2 mai 2025

Caroline Poggi et Jonathan Vinel, les cinéastes de l’impur exposés chez Reiffers Art Initiatives

Le cinéma “impur” de Caroline Poggi & Jonathan Vinel résiste à toute classification et à toute tonalité : l’animation 3D se mêle à la prise de vue réelle, l’absurdité à la violence ultime, le cynisme à la naïveté. Deux films inédits du duo sont présentés jusqu’au 10 mai dans “1000 milliards d’images”, l’exposition du Prix Reiffers Art Initiatives, à Paris.

  • Portrait par Jonathan Llense

    Propos recueillis par Thibaut Wychowanok.

  • L’interview des artistes Caroline Poggi et Jonathan Vinel, exposés chez Reiffers Art Initiatives

    Numéro art : Au sein de l’exposition “1000 milliards d’images” chez Reiffers Art Initiatives, vous présentez deux films : La fille qui explose et Comment ça va ? Que racontent-ils ?
    Caroline Poggi :
    Il y est question d’une certaine colère générationnelle. La fille qui explose nous invite à suivre Candice, une jeune fille qui explose (littéralement) tous les jours. C’est une sorte de journal intime qui nous livre ses pensées, son mal-être, sa solitude, sa tristesse. Elle cherche une réponse à ses douleurs. Comment ça va ? nous emmène, lui, au sein d’un groupe de femmes dans une zone un peu isolée, à l’écart du monde. Elles aussi cherchent à soigner leurs maux, en lisant des livres, en se parlant, comme dans une thérapie de groupe. Ces deux films sont pour nous une façon de mettre des mots sur des sensations, des émotions assez violentes qui pouvaient nous traverser ces dernières années et de leur donner une forme.

    Jonathan Vinel : Nous venons tous les deux du cinéma. Nous naviguons entre cinéma et art contemporain, notre manière d’écrire est vraiment hybride. Cela se retrouve dans notre montage, notre mix entre prises de vue réelles et 3D, et nos références aux jeux vidéo.

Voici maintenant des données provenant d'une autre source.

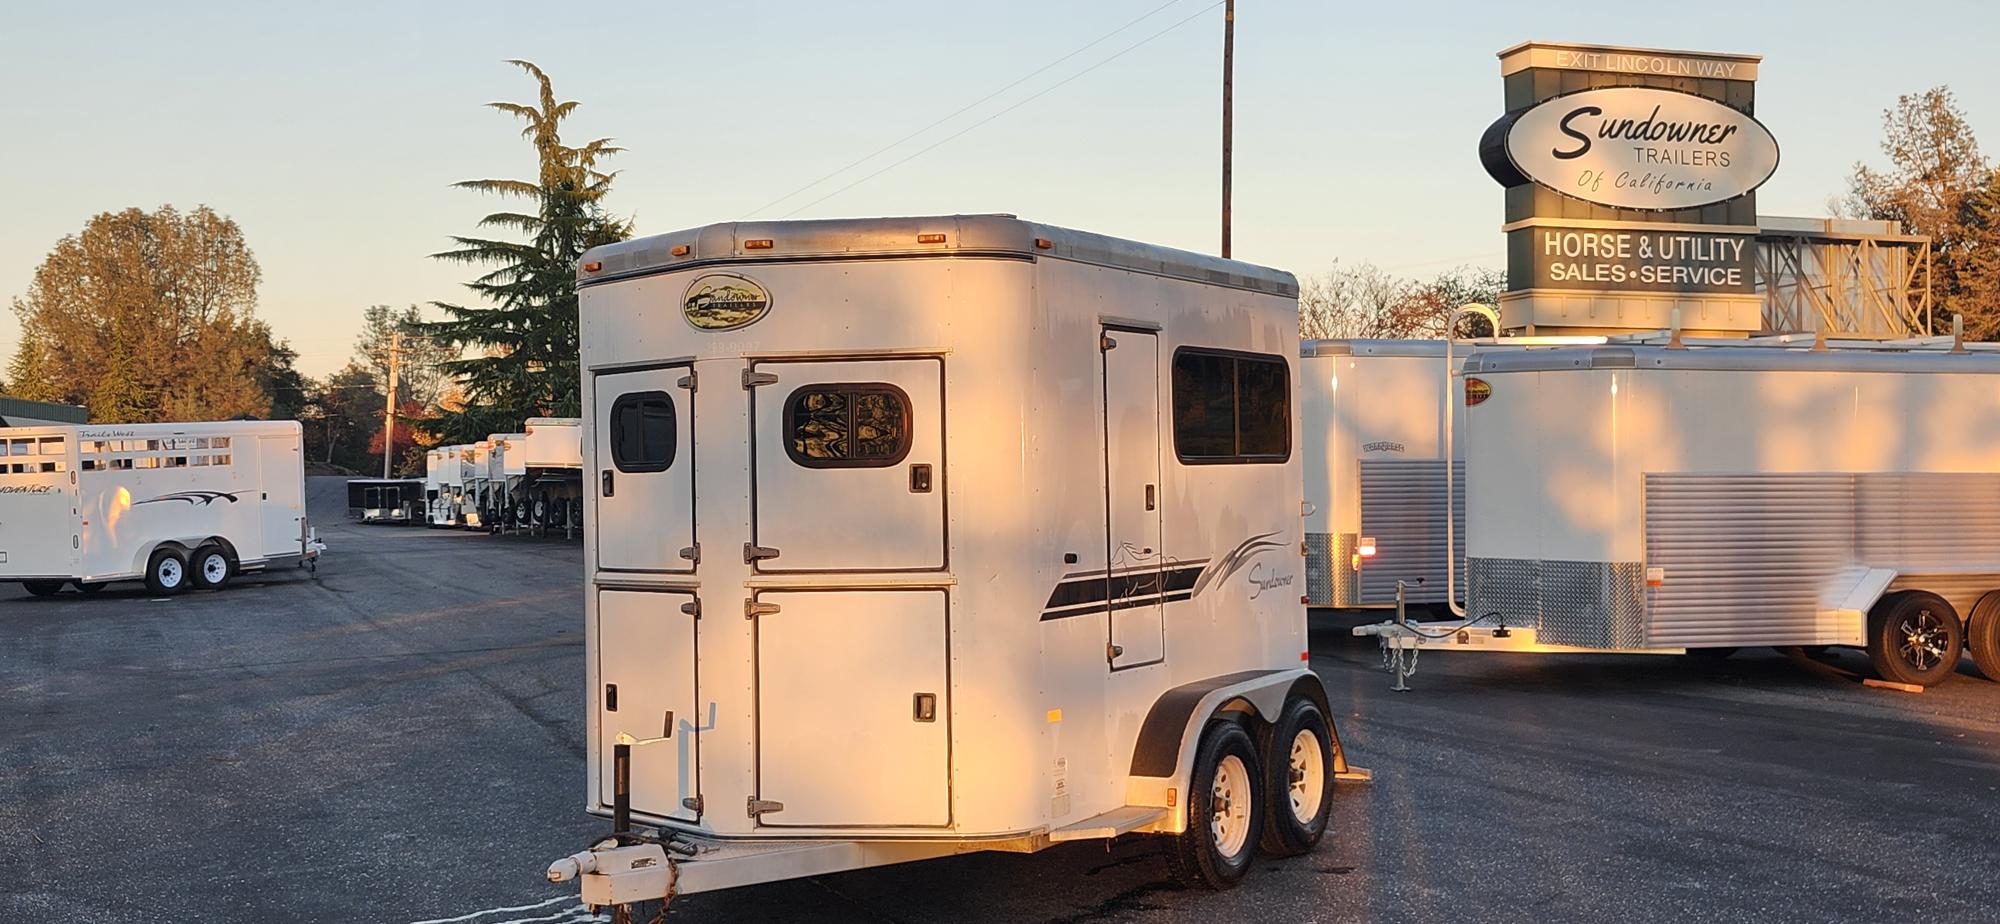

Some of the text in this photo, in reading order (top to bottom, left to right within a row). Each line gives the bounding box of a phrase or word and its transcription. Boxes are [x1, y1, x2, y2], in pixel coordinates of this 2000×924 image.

[1556, 51, 1737, 78] EXIT LINCOLN WAY
[1552, 104, 1738, 160] Sundowner
[1633, 147, 1731, 168] TRAILERS
[1577, 169, 1713, 195] Of California
[1545, 231, 1745, 262] HORSE & UTILITY
[1550, 262, 1742, 286] SALES SERVICE

    Ces films sont à l’intersection des deux, en effet. La fille qui explose est réalisé en animation 3D mais fait aussi bien référence au cinéma de genre – body horror par exemple – qu’aux jeux vidéo. Comment ça va ? mêle quant à lui prises de vue réelles et animation 3D.  En quoi cette hybridité, ce cinéma que l’on pourrait qualifier de volontairement “impur”, caractérise-t-il vos œuvres  ?
    Jonathan Vinel : Nous nous questionnons sur ce que pourrait être un cinéma d’aujourd’hui : pour nous, il se doit d’utiliser tous les outils de notre époque actuelle. Nous venons du cinéma traditionnel et sommes amoureux du découpage, des focales, de la mise en scène en général, mais nous mettons à son service tous les outils actuels, comme les moteurs de jeux vidéo par exemple.

    Comment ça va ? évoque le film Madagascar…
    Caroline Poggi : 
    Ces personnages appartiennent tellement à tout le monde qu’ils deviennent des coquilles vides auxquelles nous pouvons injecter des pensées. De la même manière, dans La fille qui explose, le corps du personnage ressemble à un mélange de différents avatars existants que nous explosons pour recréer une forme d’hybridité, qui, pour moi, est un dialogue avec le monde contemporain.

    Cette hybridité est présente aussi dans les tonalités mêmes des films : des moments de grande innocence suivent une grande violence, le cynisme se mêle à l’humour…  
    Jonathan Vinel : Ce mélange se retrouve sur Internet et les réseaux sociaux : une vidéo de guerre va suivre une vidéo humoristique et ainsi de suite. Ce passage d’une émotion à une autre fait que tu ne sais plus comment te comporter face à ce flux d’images. C’est ce qui caractérise tous les personnages des films : ils sont extrêmement perdus, ils cherchent un point d’ancrage face à des sentiments qui les assaillent. Nous essayons de trouver une forme à nos films qui corresponde à cet état de nos personnages.

    Les films de Caroline Poggi et Jonathan Vinel sont à voir jusqu’au 10 mai 2025 dans l’exposition “1000 milliards d’images” chez Reiffers Art Initiatives, Paris 17e.